Additionally, the output of /sbin/sysconfig -q vm and /sbin/sysconfig -q
proc
And how many files you have in /tmp
At last, som data from /usr/sbin/collect running it over a period of
time
when the machine is at its worst.
"/usr/sbin/collect -F" will give you data every 10 seconds. The -F
option
will make all values of the same scale. Warning : There's a lot of data
!
"/usr/sbin/collect -F -f filename.cgz" will save the data for later
playback.
==========================================================================
From:
Udo de Boer <Udo.de.boer_at_ubero.nl>
Start with "vmstat 1 100" to look at what the cpu and memory is doing.
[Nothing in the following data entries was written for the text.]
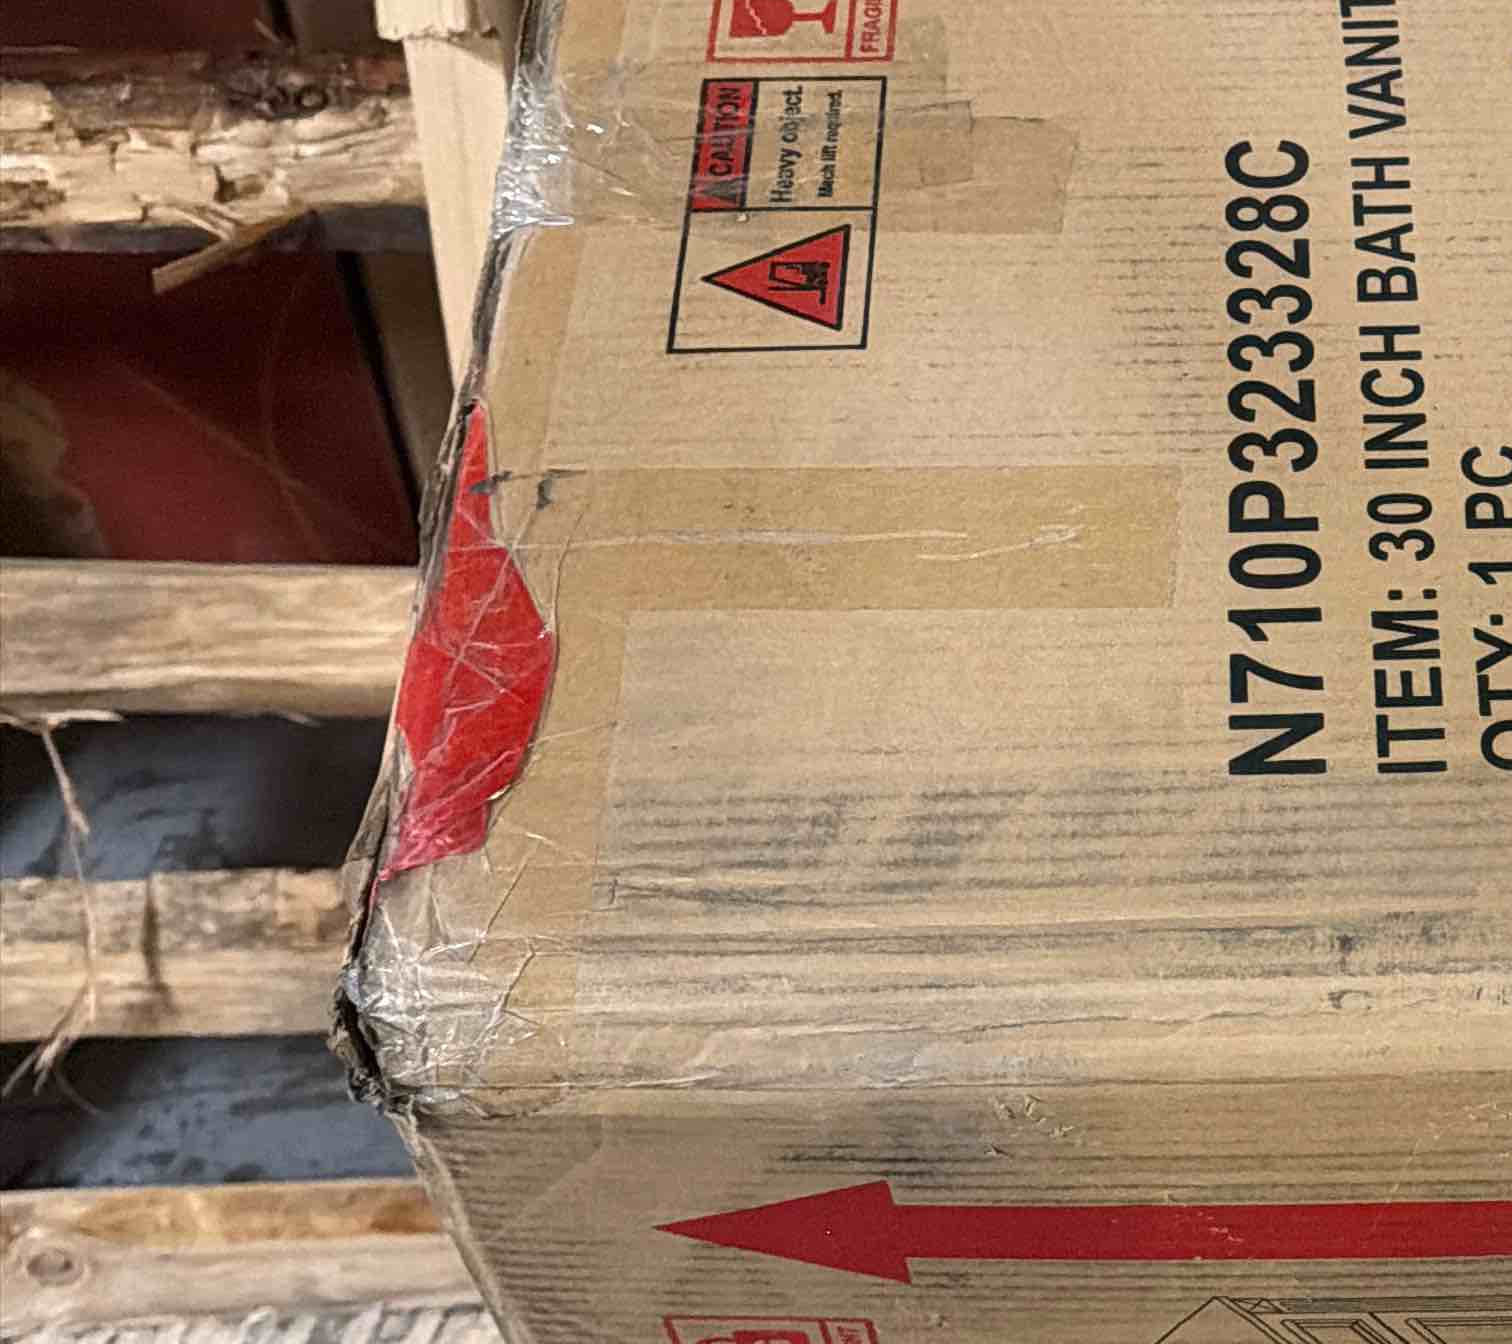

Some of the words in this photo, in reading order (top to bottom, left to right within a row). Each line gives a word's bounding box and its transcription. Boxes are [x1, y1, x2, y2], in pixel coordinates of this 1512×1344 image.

[708, 86, 741, 177] CAUTION
[781, 84, 804, 144] object.
[769, 147, 803, 204] Heavy
[1350, 156, 1418, 302] BATH
[1358, 324, 1430, 470] INCH
[1225, 139, 1327, 775] N710P323328C
[1366, 492, 1436, 562] 30
[1370, 587, 1448, 773] ITEM:
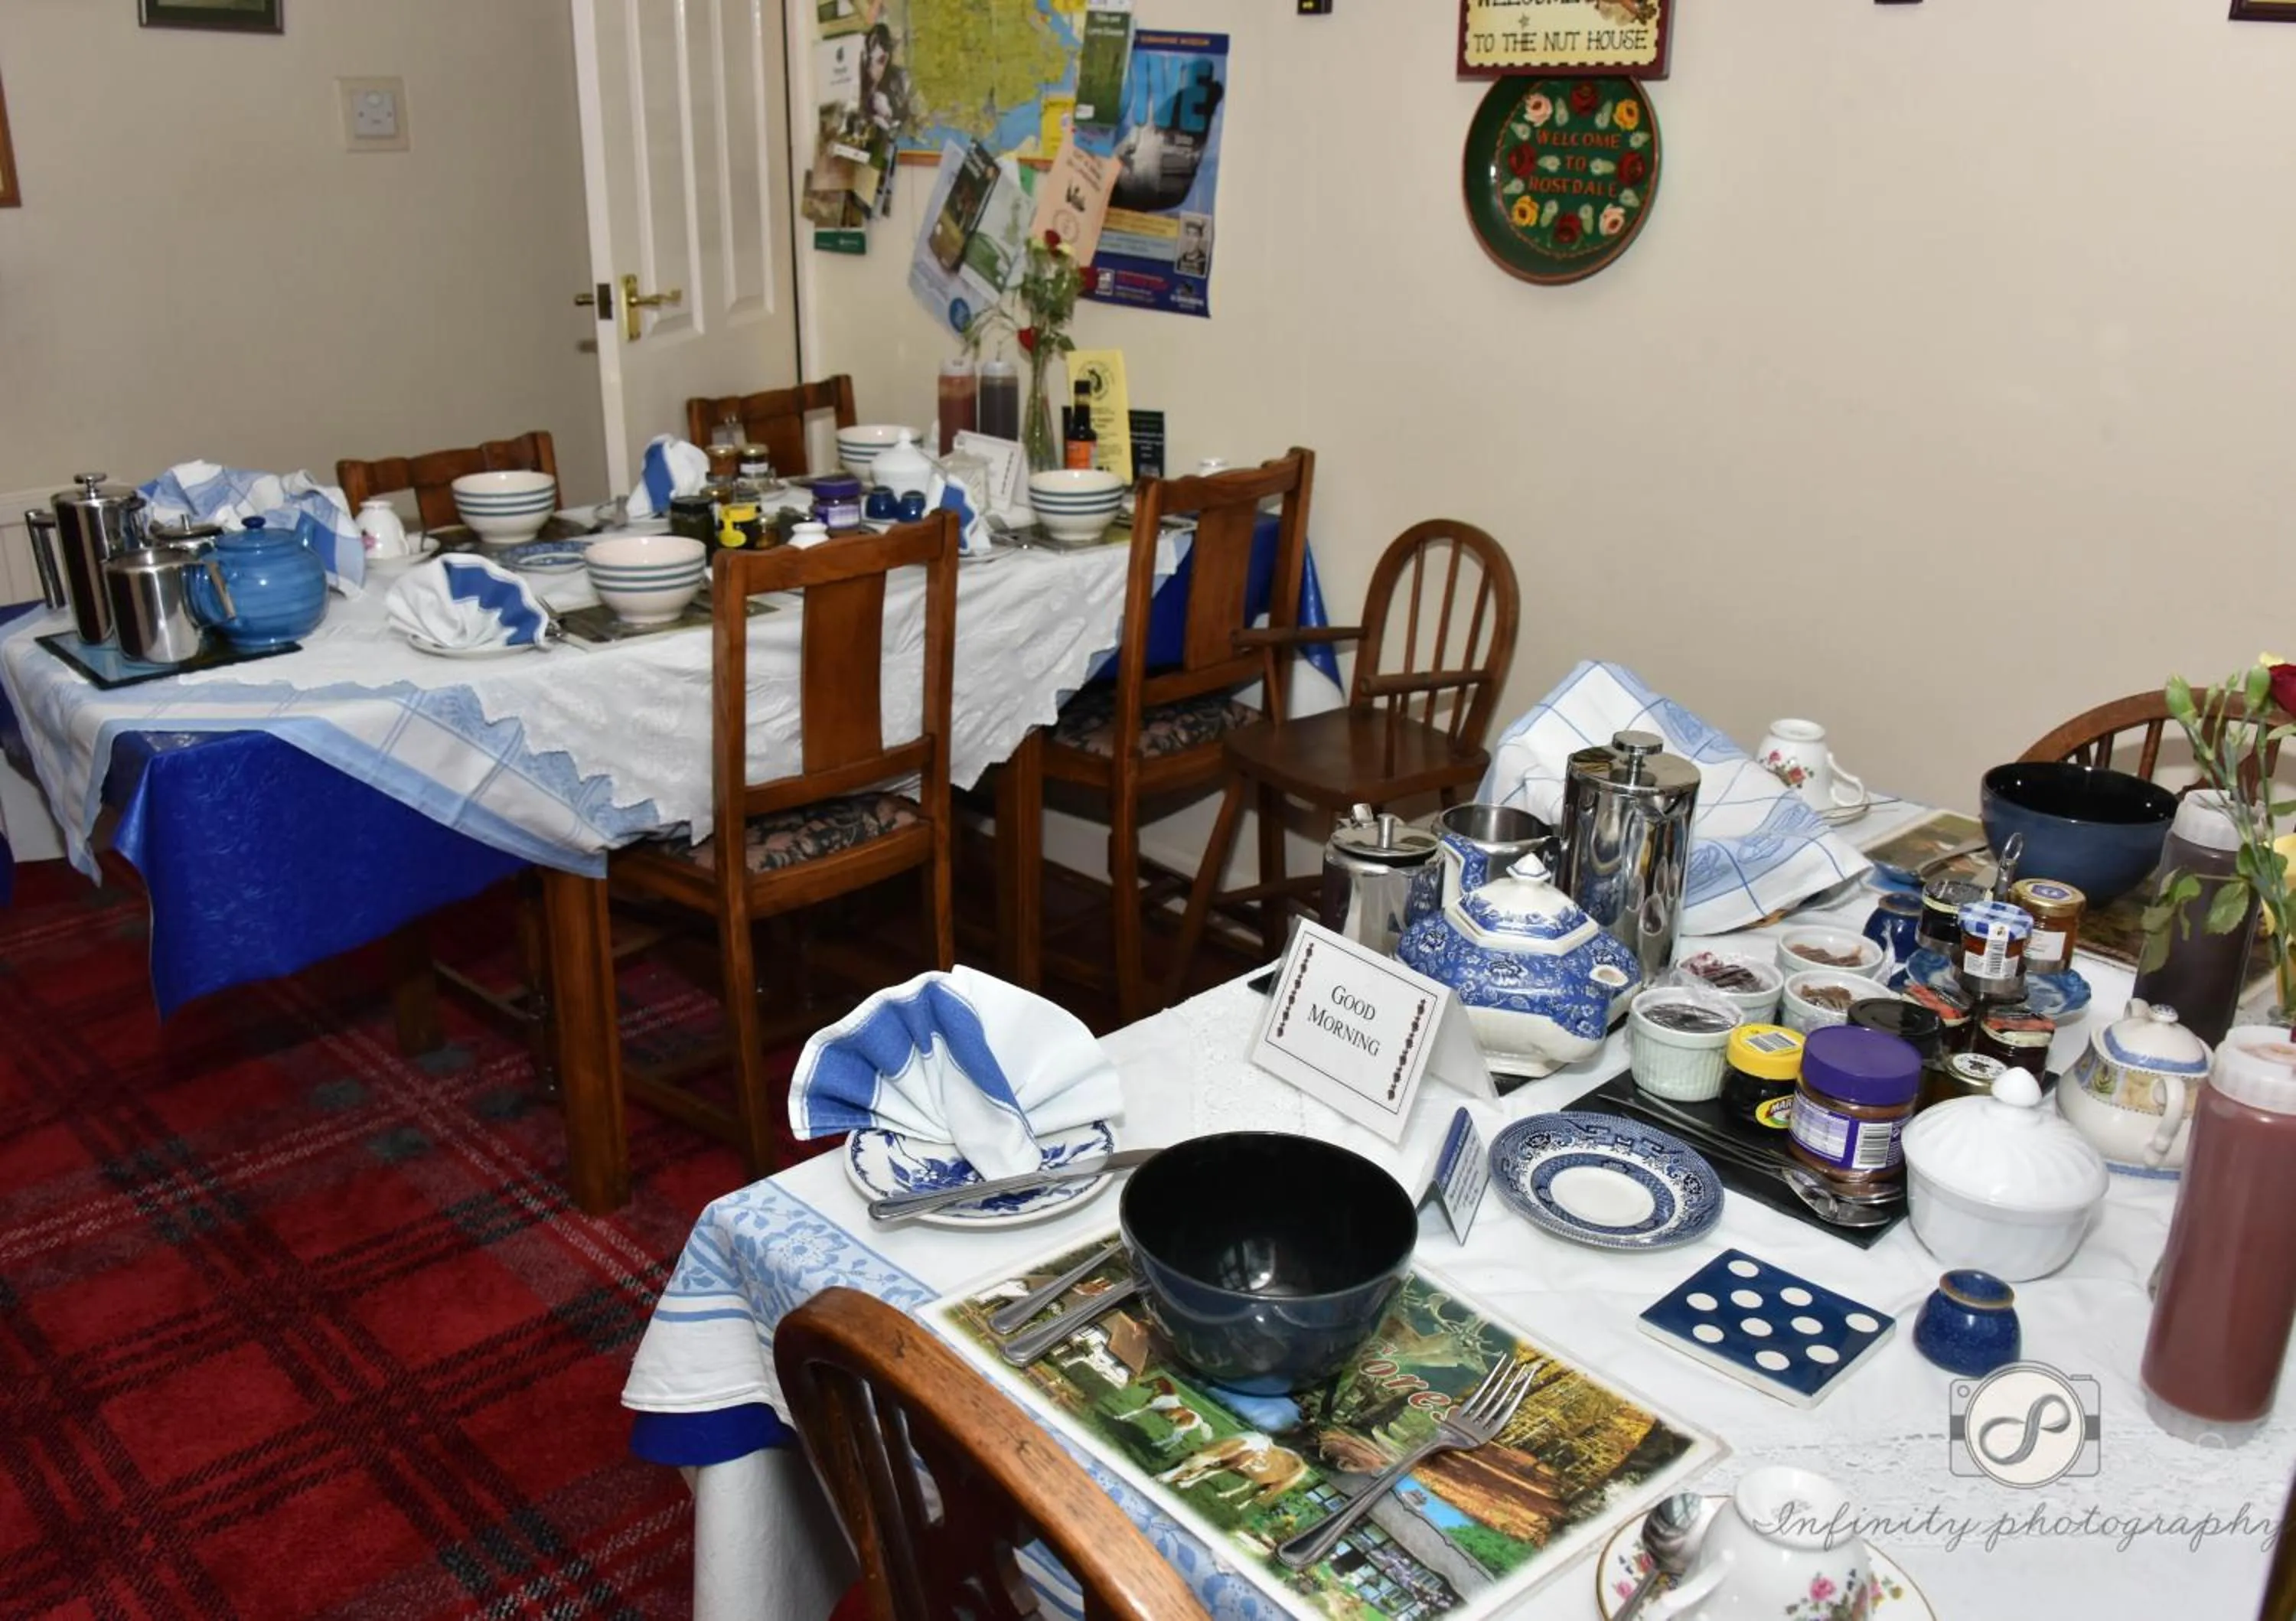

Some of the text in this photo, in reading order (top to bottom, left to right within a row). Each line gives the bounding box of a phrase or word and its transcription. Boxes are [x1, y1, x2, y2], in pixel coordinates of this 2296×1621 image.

[1474, 29, 1649, 53] TO THE NUT HOUSE
[1537, 129, 1621, 148] WELCOME
[1566, 155, 1587, 173] TO
[1529, 176, 1617, 198] ROSEDALE
[1331, 985, 1376, 1020] GOOD
[1307, 1003, 1381, 1056] MORNING
Ignore the first line from vmstat. Also look at the disks. Are they very
busy. You could have a disk throughput problem. You can try iostat. Next
look if you have a network problem. See netstat -i. (or was it netstat
-a).
You have to do this twice to get an interval. Look at the errors and
collisions.
===========================================================================
Things are back to normal after a reboot. I will use "collect" to gather
performance statistics in a file from now on. I will also run "syscheck"
and see its reccommendations. I think the URL Jorge Serbia sent is very
useful. Thanks everyone who responded.